• What is required:
All the entries that follow must be written out again exactly.

• Dataset items:
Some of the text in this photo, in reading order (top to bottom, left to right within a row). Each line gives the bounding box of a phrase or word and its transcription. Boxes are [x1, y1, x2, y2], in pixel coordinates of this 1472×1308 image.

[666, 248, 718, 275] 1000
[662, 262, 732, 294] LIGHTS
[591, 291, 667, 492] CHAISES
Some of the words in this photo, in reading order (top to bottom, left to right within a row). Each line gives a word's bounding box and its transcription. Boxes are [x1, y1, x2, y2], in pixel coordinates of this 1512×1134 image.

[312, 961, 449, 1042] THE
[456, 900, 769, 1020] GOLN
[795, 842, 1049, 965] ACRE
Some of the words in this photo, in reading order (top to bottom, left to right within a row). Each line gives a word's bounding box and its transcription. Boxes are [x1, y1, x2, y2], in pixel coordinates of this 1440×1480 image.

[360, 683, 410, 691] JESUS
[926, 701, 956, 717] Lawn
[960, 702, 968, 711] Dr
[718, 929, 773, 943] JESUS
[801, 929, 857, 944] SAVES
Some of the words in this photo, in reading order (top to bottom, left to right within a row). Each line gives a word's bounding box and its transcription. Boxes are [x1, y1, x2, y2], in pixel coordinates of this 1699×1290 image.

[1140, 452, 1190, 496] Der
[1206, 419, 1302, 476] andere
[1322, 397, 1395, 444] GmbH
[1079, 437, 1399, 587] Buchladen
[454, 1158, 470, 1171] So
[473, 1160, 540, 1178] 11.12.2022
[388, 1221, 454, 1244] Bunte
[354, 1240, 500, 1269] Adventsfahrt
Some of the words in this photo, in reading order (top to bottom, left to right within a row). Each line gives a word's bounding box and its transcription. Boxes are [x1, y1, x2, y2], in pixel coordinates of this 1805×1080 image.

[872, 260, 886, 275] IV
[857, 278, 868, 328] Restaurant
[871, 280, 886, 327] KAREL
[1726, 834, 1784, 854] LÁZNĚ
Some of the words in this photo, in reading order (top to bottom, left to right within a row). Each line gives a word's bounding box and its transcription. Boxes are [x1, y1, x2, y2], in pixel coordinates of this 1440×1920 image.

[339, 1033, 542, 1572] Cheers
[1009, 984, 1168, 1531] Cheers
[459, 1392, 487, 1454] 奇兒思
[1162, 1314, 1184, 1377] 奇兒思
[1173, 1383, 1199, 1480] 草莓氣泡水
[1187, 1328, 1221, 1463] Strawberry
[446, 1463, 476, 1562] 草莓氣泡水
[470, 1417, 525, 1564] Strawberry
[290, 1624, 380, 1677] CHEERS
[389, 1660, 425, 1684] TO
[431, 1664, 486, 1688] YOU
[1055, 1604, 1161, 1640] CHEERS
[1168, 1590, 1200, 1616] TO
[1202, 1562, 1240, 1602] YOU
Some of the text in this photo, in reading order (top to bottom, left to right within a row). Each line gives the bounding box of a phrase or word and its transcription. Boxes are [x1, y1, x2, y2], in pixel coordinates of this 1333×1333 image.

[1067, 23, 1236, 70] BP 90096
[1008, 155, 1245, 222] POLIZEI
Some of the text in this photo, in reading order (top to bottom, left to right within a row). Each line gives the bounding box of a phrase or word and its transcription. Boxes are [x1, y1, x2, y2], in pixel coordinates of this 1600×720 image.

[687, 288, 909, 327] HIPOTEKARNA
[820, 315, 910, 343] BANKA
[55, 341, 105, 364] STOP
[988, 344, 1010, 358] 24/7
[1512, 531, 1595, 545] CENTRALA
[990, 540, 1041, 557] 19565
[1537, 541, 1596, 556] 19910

• Solution to this exercise:
Some of the text in this photo, in reading order (top to bottom, left to right within a row). Each line gives the bounding box of a phrase or word and its transcription. Boxes are [x1, y1, x2, y2], in pixel coordinates of this 1472×1308 image.

[666, 248, 718, 275] 1000
[662, 262, 732, 294] LIGHTS
[591, 291, 667, 492] CHAISES
Some of the words in this photo, in reading order (top to bottom, left to right within a row). Each line gives a word's bounding box and its transcription. Boxes are [x1, y1, x2, y2], in pixel coordinates of this 1512×1134 image.

[312, 961, 449, 1042] THE
[456, 900, 769, 1020] GOLN
[795, 842, 1049, 965] ACRE
Some of the words in this photo, in reading order (top to bottom, left to right within a row). Each line gives a word's bounding box and its transcription. Boxes are [x1, y1, x2, y2], in pixel coordinates of this 1440×1480 image.

[360, 683, 410, 691] JESUS
[926, 701, 956, 717] Lawn
[960, 702, 968, 711] Dr
[718, 929, 773, 943] JESUS
[801, 929, 857, 944] SAVES
Some of the words in this photo, in reading order (top to bottom, left to right within a row). Each line gives a word's bounding box and its transcription. Boxes are [x1, y1, x2, y2], in pixel coordinates of this 1699×1290 image.

[1140, 452, 1190, 496] Der
[1206, 419, 1302, 476] andere
[1322, 397, 1395, 444] GmbH
[1079, 437, 1399, 587] Buchladen
[454, 1158, 470, 1171] So
[473, 1160, 540, 1178] 11.12.2022
[388, 1221, 454, 1244] Bunte
[354, 1240, 500, 1269] Adventsfahrt
Some of the words in this photo, in reading order (top to bottom, left to right within a row). Each line gives a word's bounding box and its transcription. Boxes are [x1, y1, x2, y2], in pixel coordinates of this 1805×1080 image.

[872, 260, 886, 275] IV
[857, 278, 868, 328] Restaurant
[871, 280, 886, 327] KAREL
[1726, 834, 1784, 854] LÁZNĚ
Some of the words in this photo, in reading order (top to bottom, left to right within a row). Each line gives a word's bounding box and its transcription. Boxes are [x1, y1, x2, y2], in pixel coordinates of this 1440×1920 image.

[339, 1033, 542, 1572] Cheers
[1009, 984, 1168, 1531] Cheers
[459, 1392, 487, 1454] 奇兒思
[1162, 1314, 1184, 1377] 奇兒思
[1173, 1383, 1199, 1480] 草莓氣泡水
[1187, 1328, 1221, 1463] Strawberry
[446, 1463, 476, 1562] 草莓氣泡水
[470, 1417, 525, 1564] Strawberry
[290, 1624, 380, 1677] CHEERS
[389, 1660, 425, 1684] TO
[431, 1664, 486, 1688] YOU
[1055, 1604, 1161, 1640] CHEERS
[1168, 1590, 1200, 1616] TO
[1202, 1562, 1240, 1602] YOU
Some of the text in this photo, in reading order (top to bottom, left to right within a row). Each line gives the bounding box of a phrase or word and its transcription. Boxes are [x1, y1, x2, y2], in pixel coordinates of this 1333×1333 image.

[1067, 23, 1236, 70] BP 90096
[1008, 155, 1245, 222] POLIZEI
Some of the text in this photo, in reading order (top to bottom, left to right within a row). Each line gives the bounding box of a phrase or word and its transcription. Boxes are [x1, y1, x2, y2], in pixel coordinates of this 1600×720 image.

[687, 288, 909, 327] HIPOTEKARNA
[820, 315, 910, 343] BANKA
[55, 341, 105, 364] STOP
[988, 344, 1010, 358] 24/7
[1512, 531, 1595, 545] CENTRALA
[990, 540, 1041, 557] 19565
[1537, 541, 1596, 556] 19910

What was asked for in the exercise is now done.